● **ABOUT THIS EXERCISE**
The records below are to be set down again exactly, with the pictures left out.

(Data excerpts)
▼▼▼

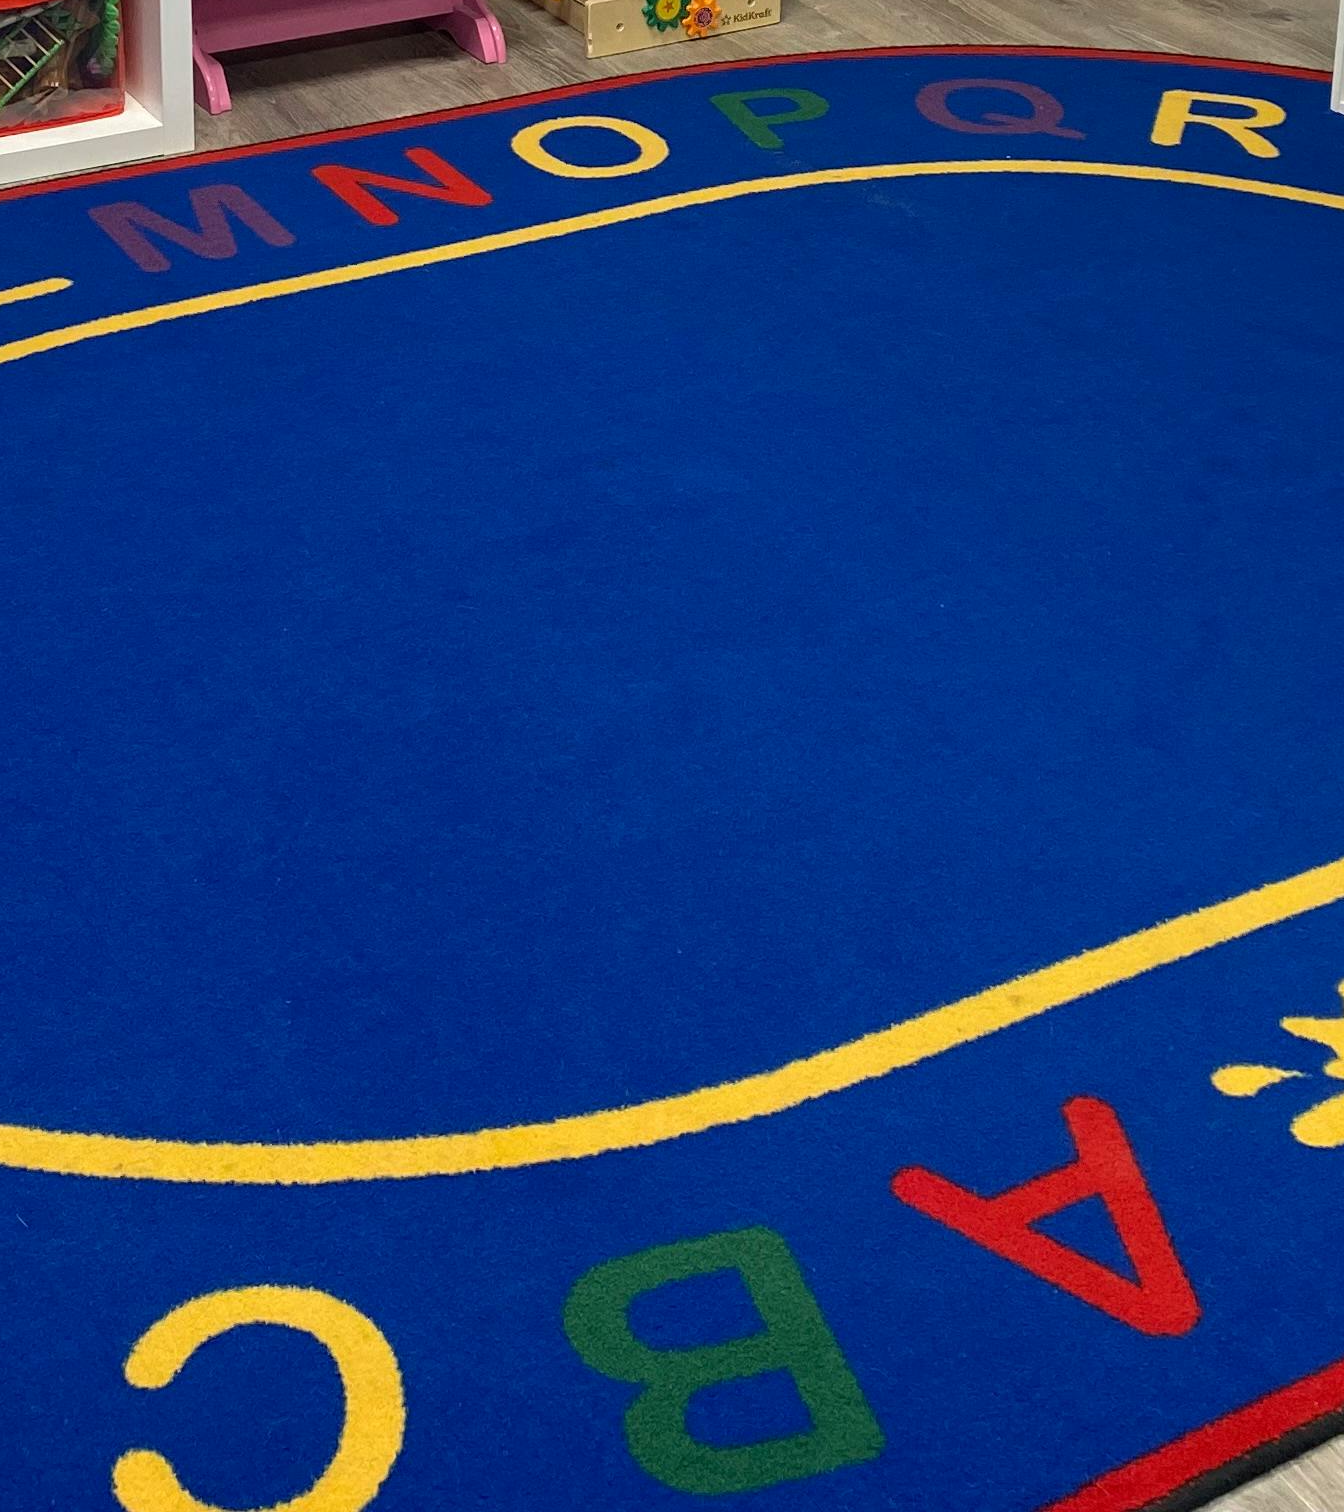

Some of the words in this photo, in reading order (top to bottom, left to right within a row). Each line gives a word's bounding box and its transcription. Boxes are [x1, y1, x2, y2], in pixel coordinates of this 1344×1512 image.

[733, 8, 772, 23] KidKraft
[508, 114, 671, 181] O
[708, 86, 830, 152] P
[914, 78, 1088, 144] Q
[1147, 87, 1289, 161] R
[309, 145, 494, 228] N
[88, 183, 296, 276] M
[891, 1096, 1202, 1336] A
[110, 1284, 408, 1512] C
[561, 1225, 886, 1496] B
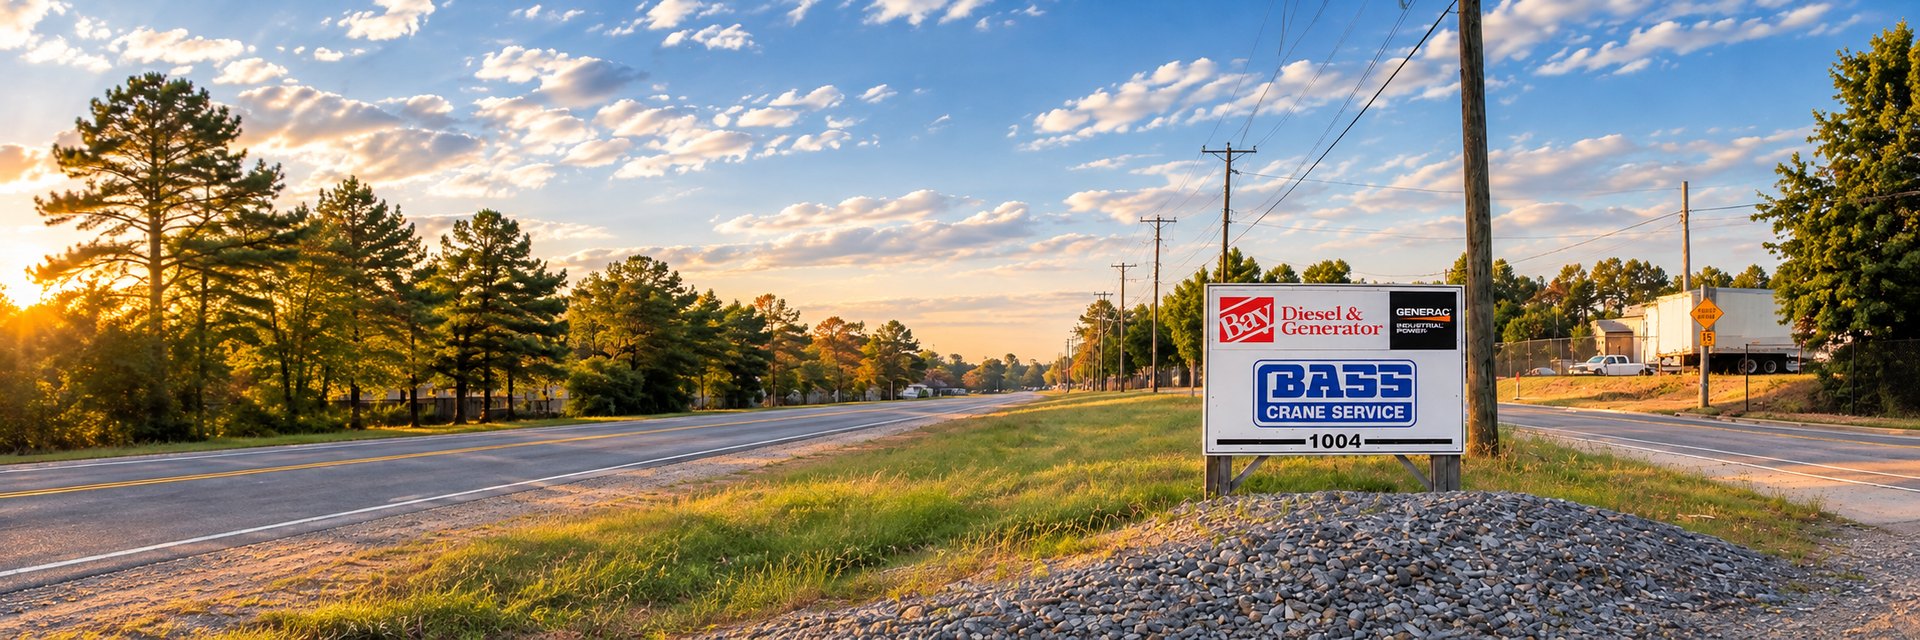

▲▲▲

● **RESPONSE TO THIS EXERCISE**
Some of the words in this photo, in reading order (top to bottom, left to right within a row). Each line gives a word's bounding box and its transcription. Boxes are [x1, y1, x2, y2], in pixel coordinates of this 1344×1512 image.

[733, 8, 772, 23] KidKraft
[508, 114, 671, 181] O
[708, 86, 830, 152] P
[914, 78, 1088, 144] Q
[1147, 87, 1289, 161] R
[309, 145, 494, 228] N
[88, 183, 296, 276] M
[891, 1096, 1202, 1336] A
[110, 1284, 408, 1512] C
[561, 1225, 886, 1496] B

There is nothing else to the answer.